Throughout the years various tools have been developed for the archive, which provide some of this functionality:

  • the IMDI editor allows metadata to be associated with all materials stored in the archive,
  • using ELAN and ANNEX any form of exactly aligned standoff annotations for a recording can be created and viewed,
  • in LEXUS, a web-based tool to create and edit lexical databases, multimedia resources can be associated with lexical entries, and
  • using VICOS relations can be drawn between the lexicalized concepts from various lexica in LEXUS, thus allowing the creation of conceptual spaces.

These tools each create their own resources, where needed with a link to primary data in the archive like a recording or series of photos. ADDIT was a first experiment to not only annotate and relate data elements within these resources, e.g., between elements in metadata files, annotations and lexical entries, but also include other arbitrary web-based content. Users found the approach interesting, yet it did not take off mainly due to missing proper user friendly software design (interaction, visualization, etc.) and the big problem of missing technology to make the weaving an efficient task.

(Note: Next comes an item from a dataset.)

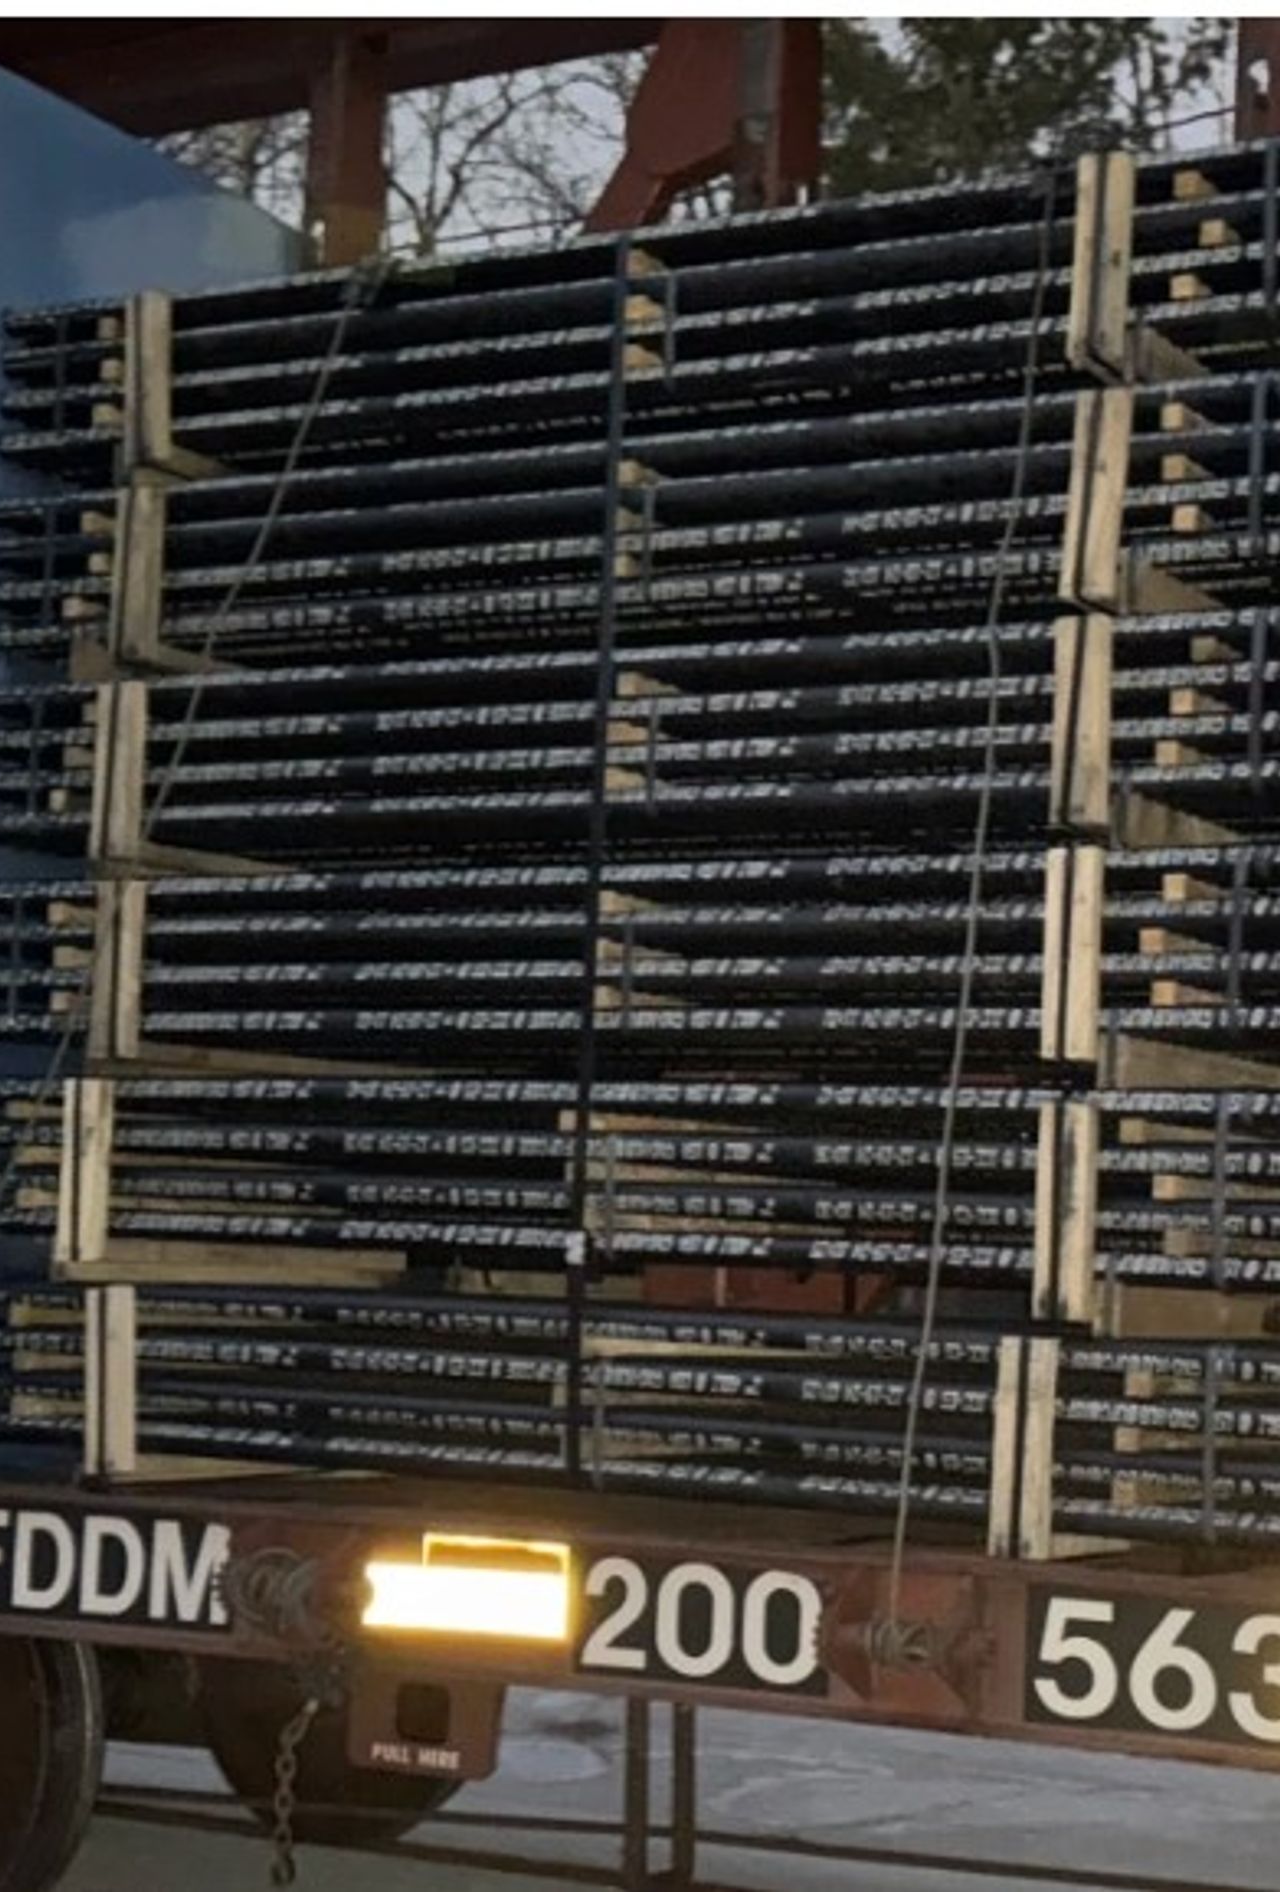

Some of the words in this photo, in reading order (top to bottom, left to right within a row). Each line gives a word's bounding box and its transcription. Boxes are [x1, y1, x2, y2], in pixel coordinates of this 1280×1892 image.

Which means that it is still an open issue how to establish and annotate the network of arbitrary resources which covers all aspects of the linguistic analysis of a language from primary data via grammatical descriptions to typological abstractions. From our tests we know that this attractive paradigm will only succeed if suitable technology will be offered.

Within the large scale European infrastructure project CLARIN a foundation for such an annotation network has been laid. For example, European consortia and federations have been established for authentication and authorization and the assignment of persistent identifiers to resources. This means that annotations can use persistent references to resources and these resources can be easily accessed by the researchers. Large proposed projects linked closely with CLARIN and even other initiatives in the humanities and social sciences, for example CLARICLE and DASISH, now include the goal to establish an efficient annotation layer on top of the infrastructure and to invest substantially in suitable technology. The OAC model is considered a prime candidate for making this new annotation layer interoperable.